Write out each entry below exactly. Do not include the images.
Content starts
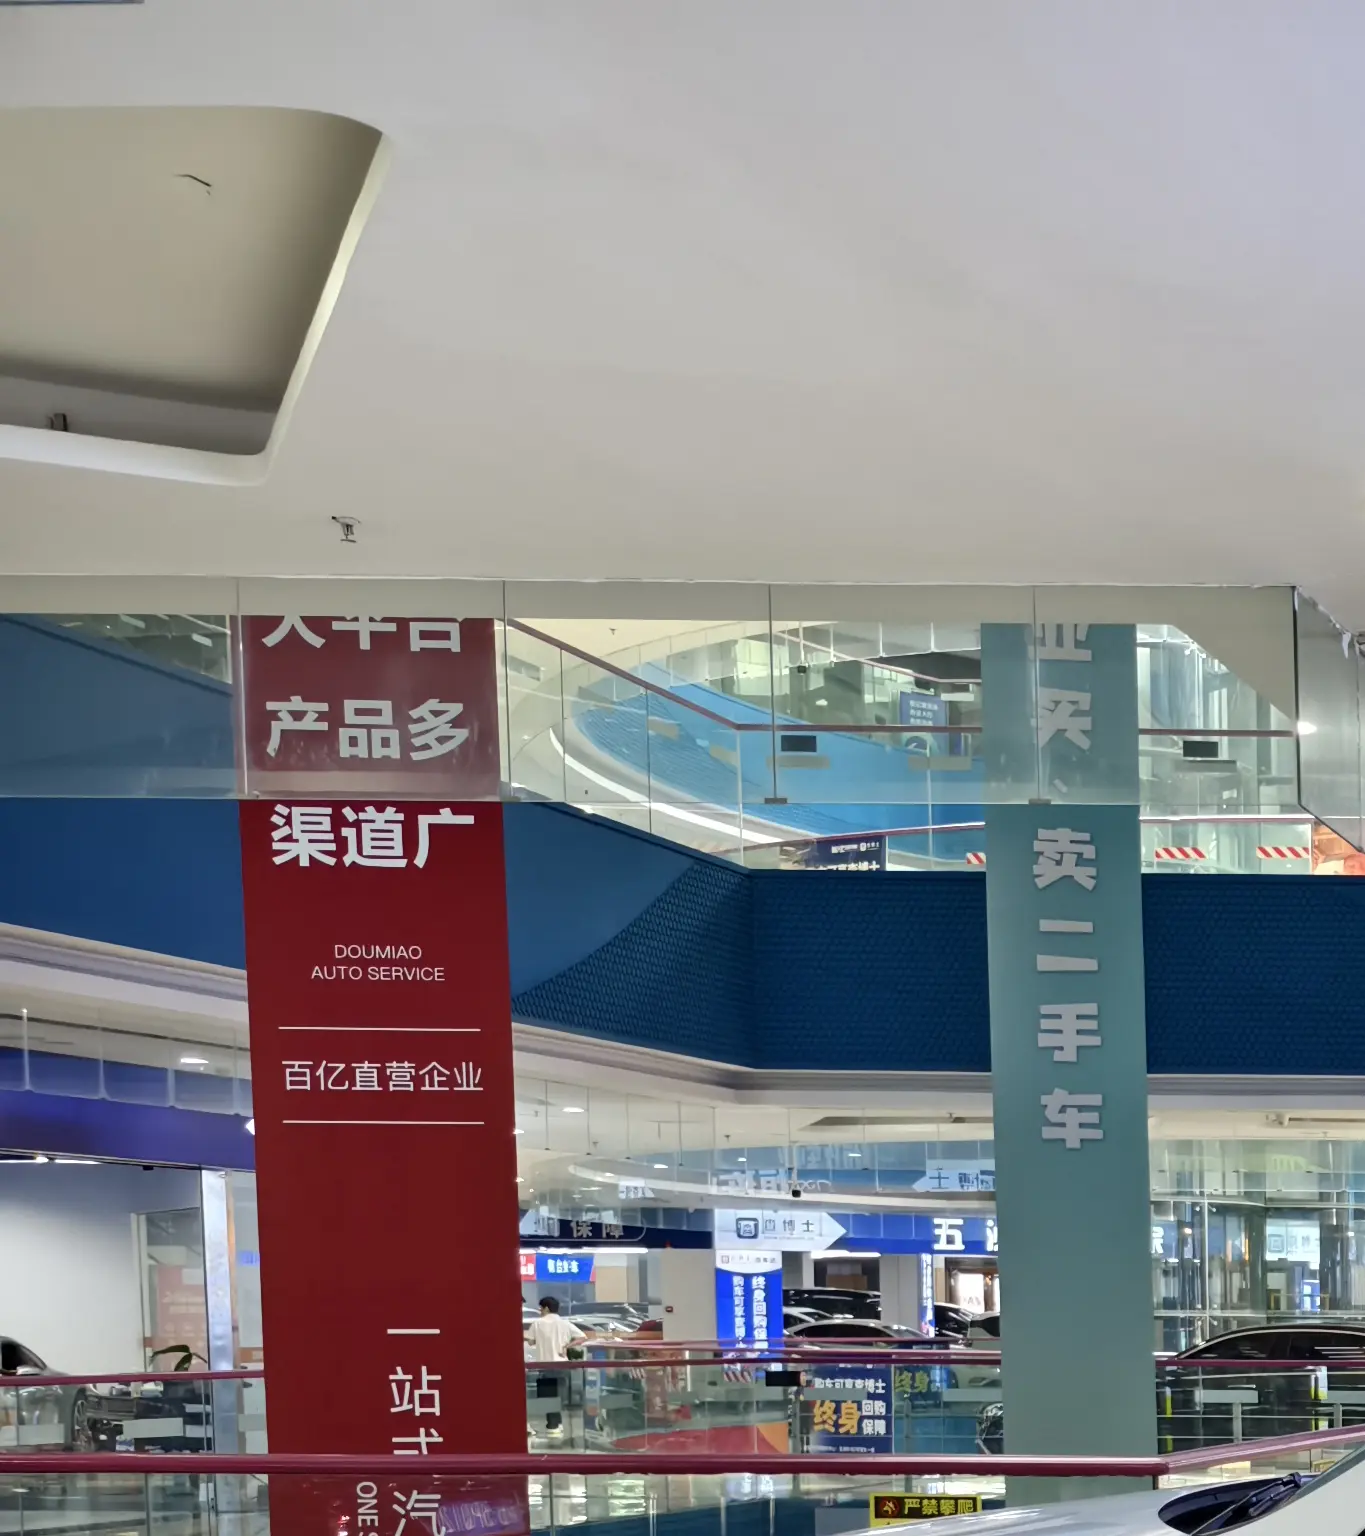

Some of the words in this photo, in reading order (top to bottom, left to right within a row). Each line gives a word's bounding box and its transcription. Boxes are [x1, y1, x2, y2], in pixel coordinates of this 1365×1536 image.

[265, 696, 469, 761] 产品多
[270, 803, 475, 868] 渠道广
[333, 944, 422, 960] DOUMIAO
[311, 965, 363, 980] AUTO
[367, 966, 446, 981] SERVICE
[282, 1060, 484, 1092] 百亿直营企业
[813, 1400, 861, 1435] 终身
[356, 1481, 379, 1527] ONE
[903, 1498, 975, 1516] 严禁攀爬
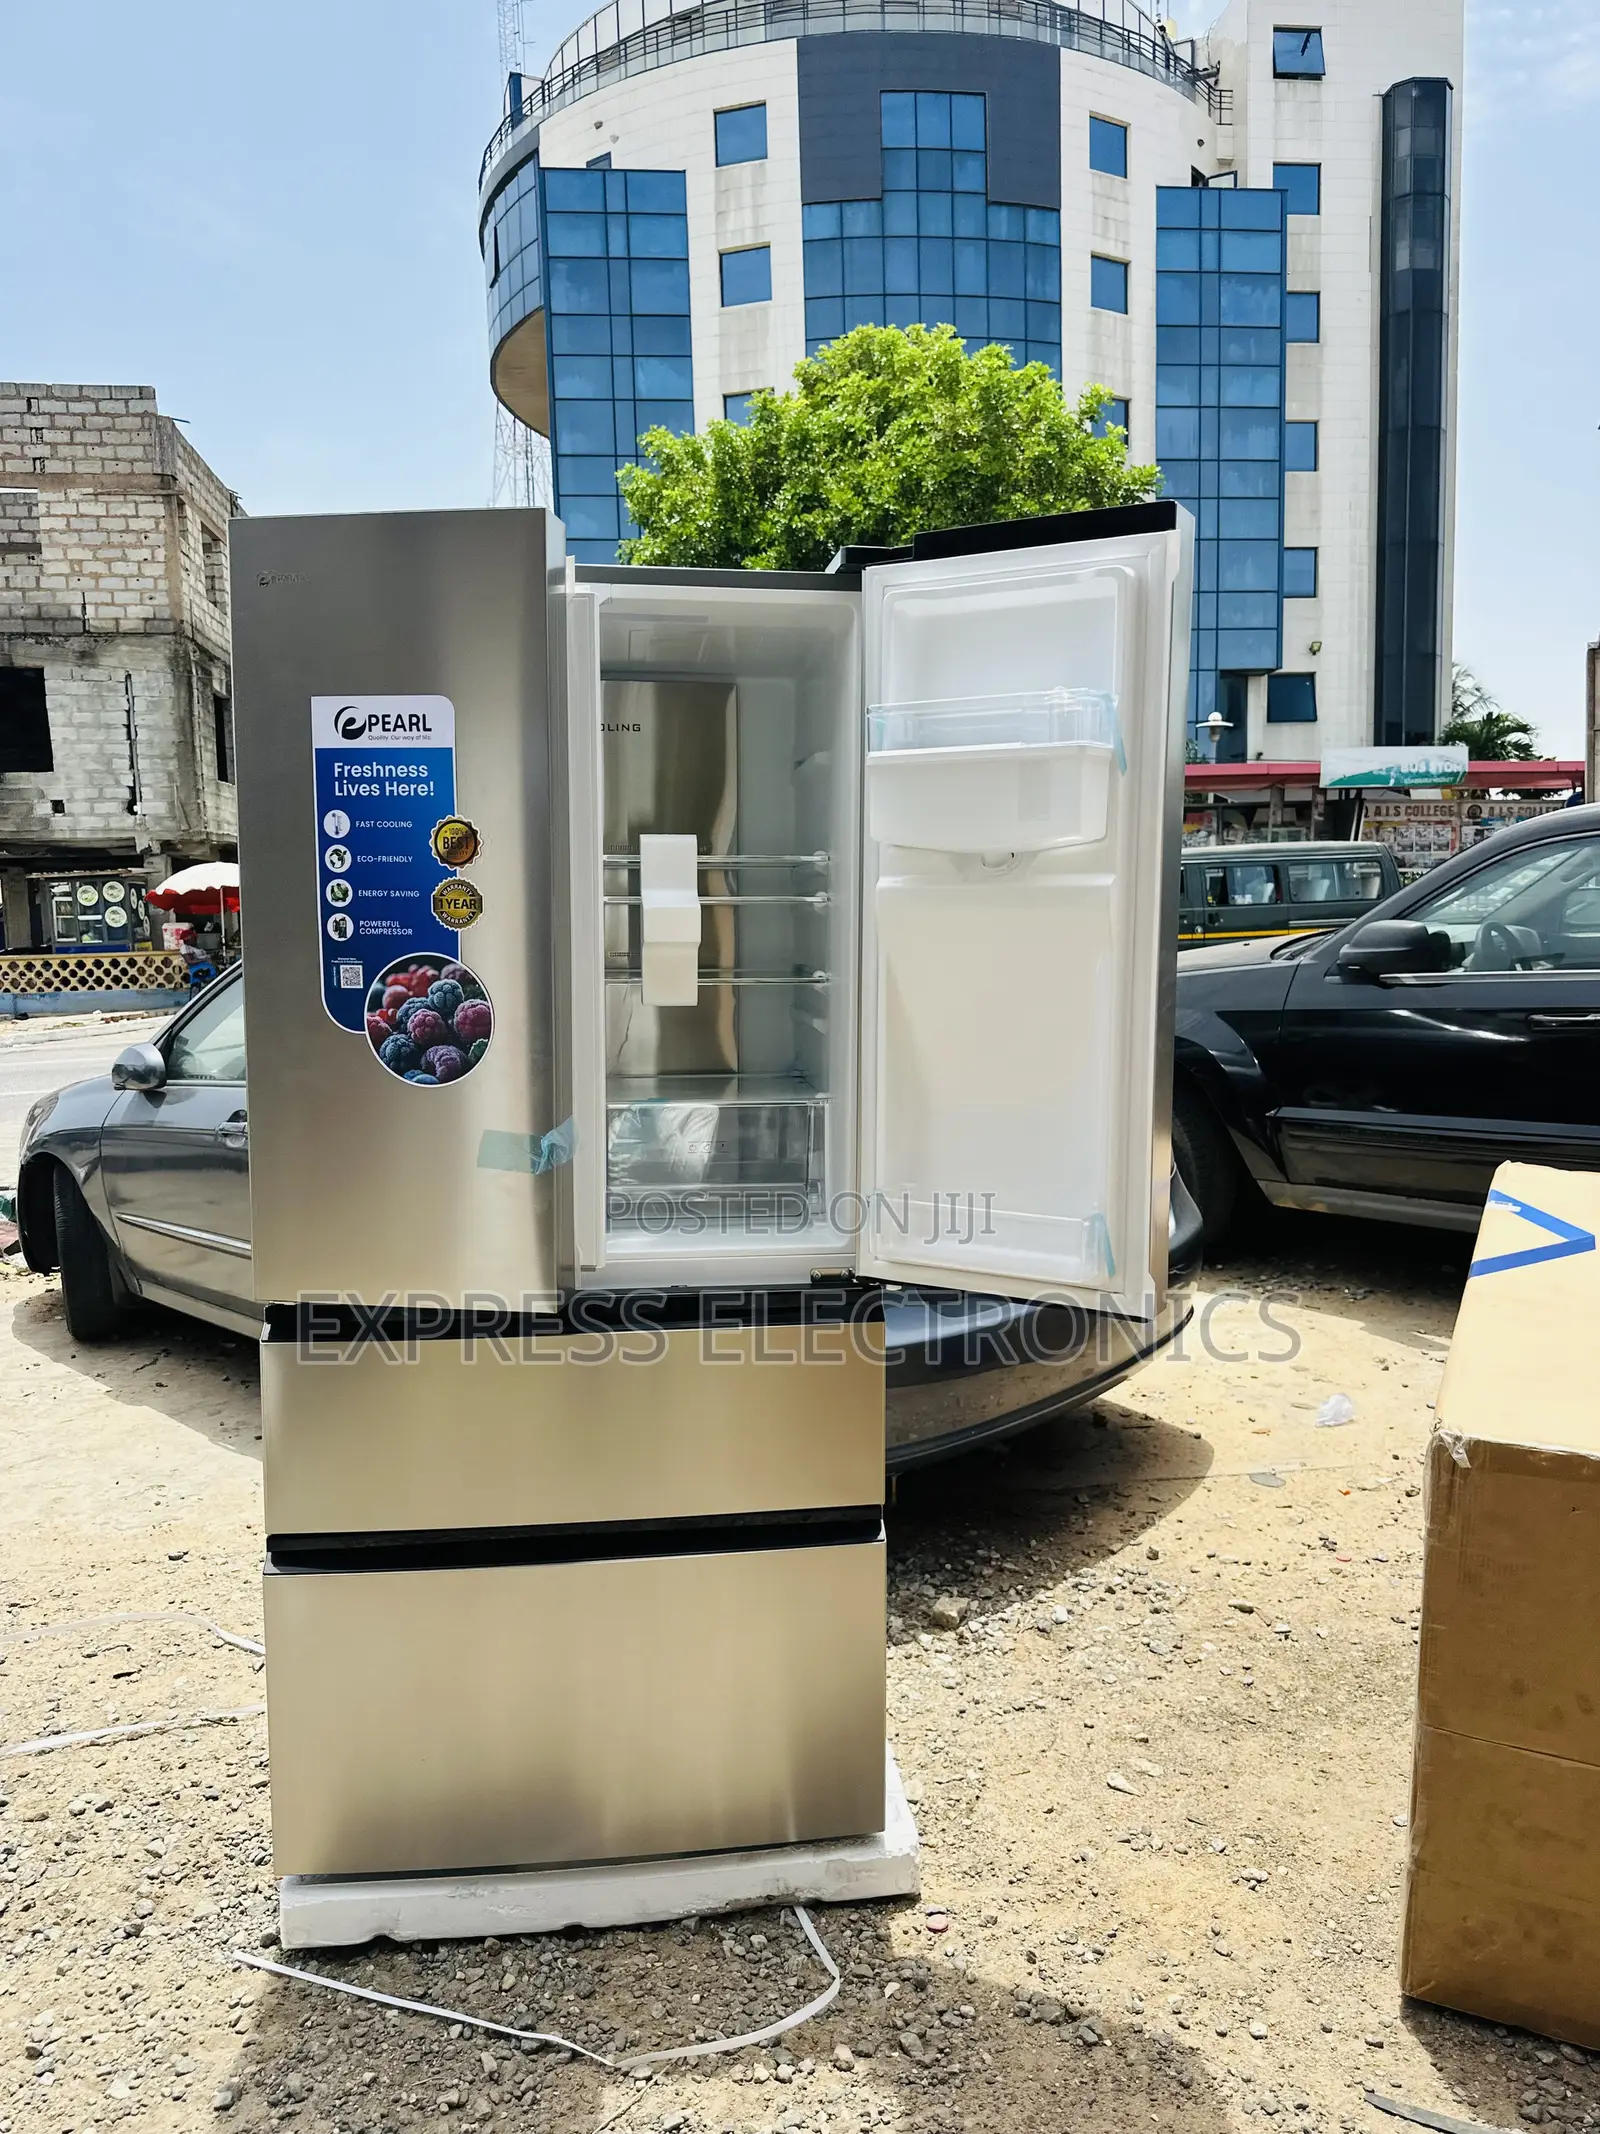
Content ends
## Exercise solution
Some of the words in this photo, in reading order (top to bottom, left to right within a row). Each line gives a word's bounding box and its transcription. Boxes are [x1, y1, x2, y2], in pixel coordinates of this 1365×1536 image.

[265, 696, 469, 761] 产品多
[270, 803, 475, 868] 渠道广
[333, 944, 422, 960] DOUMIAO
[311, 965, 363, 980] AUTO
[367, 966, 446, 981] SERVICE
[282, 1060, 484, 1092] 百亿直营企业
[813, 1400, 861, 1435] 终身
[356, 1481, 379, 1527] ONE
[903, 1498, 975, 1516] 严禁攀爬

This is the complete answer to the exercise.